5月6日に米雇用統計が発表された。以下は各指標である。


Non Farm Payroll +244K
Total Private +268K
Unemployment Rate(U-3) 9.0%
Average weekly hours 34.3h
Average hourly earnings $22.95(MoM:+0.1%)
U-6 15.9%



以下が各種指標のグラフ(出所:米労働省)


(1)NFPとUnemployment Rate(非農業部門雇用者数(単位:K)と失業率)


Unemployment rate 201105073.



(2)Private Payroll(民間雇用者数(単位:K))


Private Payroll 20110507.




(3)Wage = Average Hourly Earnings * Average Weekly Hours(週次あたり平均賃金=時間あたり賃金*週間平均労働時間)

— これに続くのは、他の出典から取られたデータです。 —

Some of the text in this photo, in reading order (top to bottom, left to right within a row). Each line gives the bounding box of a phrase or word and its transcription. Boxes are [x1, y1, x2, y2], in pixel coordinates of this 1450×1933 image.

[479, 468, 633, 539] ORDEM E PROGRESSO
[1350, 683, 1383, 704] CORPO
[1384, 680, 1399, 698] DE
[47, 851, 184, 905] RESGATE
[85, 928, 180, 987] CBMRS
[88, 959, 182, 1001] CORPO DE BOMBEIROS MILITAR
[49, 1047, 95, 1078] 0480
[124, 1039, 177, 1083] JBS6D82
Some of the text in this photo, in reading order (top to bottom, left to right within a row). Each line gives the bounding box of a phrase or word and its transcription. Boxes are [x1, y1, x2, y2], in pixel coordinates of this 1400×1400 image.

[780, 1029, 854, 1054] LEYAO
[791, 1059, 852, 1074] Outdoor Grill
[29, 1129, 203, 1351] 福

ave hourly earning 20110507.



(4)Number Unemployed for 27 Weeks & over(27週以降の失業者数=長期失業者(単位:K))


27 week over 20110507.



(5)Civilian Labor Force(労働人口(単位:K))


civilian labor force 20110507.



(6)Participation Rate(労働参加率(単位:%))


Partcipation Rate 20110507.



以下ポイント


■ESTABLISHMENT SURVEY


・非農業部門雇用者数の+244Kはヘッドライン上ポジティブ・サプライズであった。ADP雇用者数の+175Kが示したように足元で雇用増のモメンタムの低下が意識されていたので、この雇用増加幅は取り敢えずマーケットに安心感を与えたものとなっている。また2月に+235K、3月に+221Kに大幅上方修正されたこともポジティブだろう。

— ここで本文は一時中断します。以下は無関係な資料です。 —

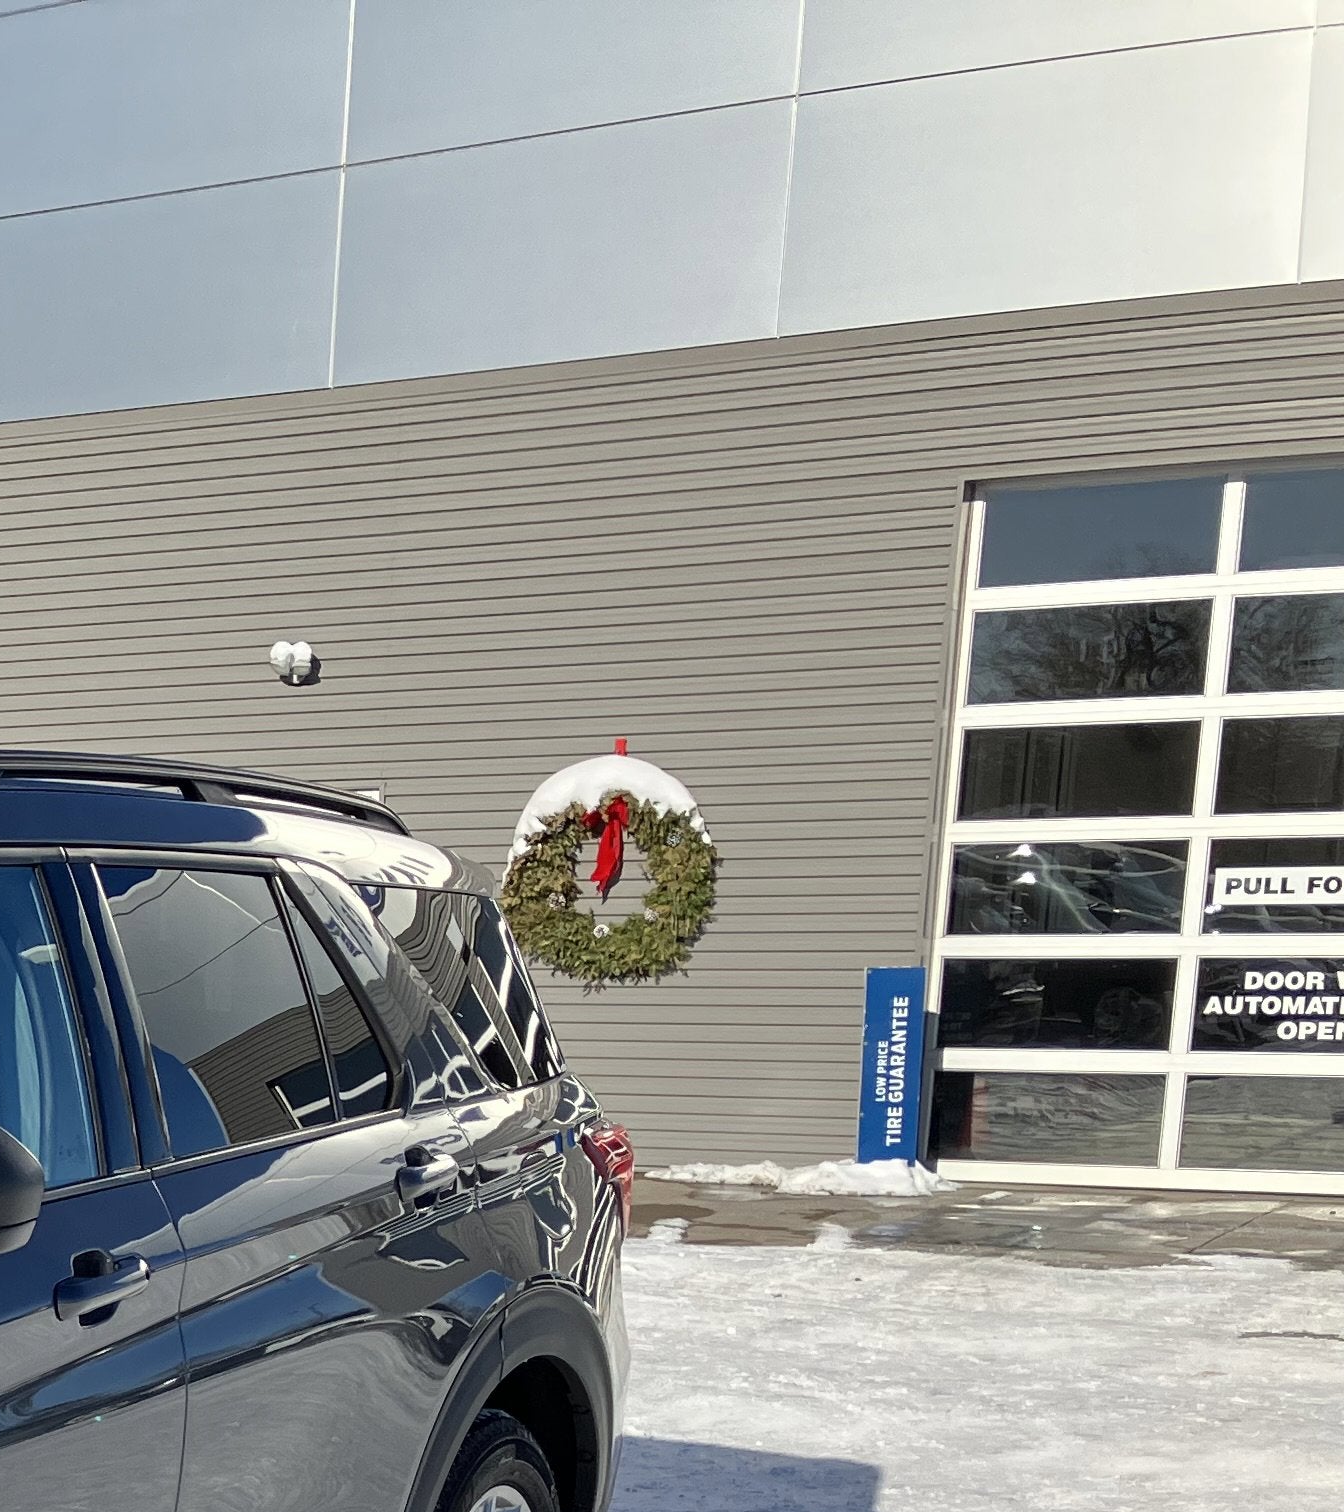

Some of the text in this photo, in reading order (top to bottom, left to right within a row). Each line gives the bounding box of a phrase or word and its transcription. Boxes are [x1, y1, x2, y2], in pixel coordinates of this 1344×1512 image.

・製造業は44K増加となった。内訳は建設が+5K、製造工業が+29K、うち耐久財が+19Kとなった。また鉱業でも+10Kとなっている。建設に関しては春期の建設シーズンの割にはそれ程増加しておらず。、建設稼働の回復は鈍いものとなっている。また、東日本大震災におけるサプライチェーン障害の影響から自動車メーカーなどで一部操業停止によるレイオフの可能性も想定していたが、4月速報の段階ではそういった影響は出ていないようだ。但し、4月24-30日の週の新規失業保険申請件数の大幅増加要因として自動車メーカーで生産縮小の影響が出ている可能性があり、6月に発表される二次速報値を待って判断する必要がある。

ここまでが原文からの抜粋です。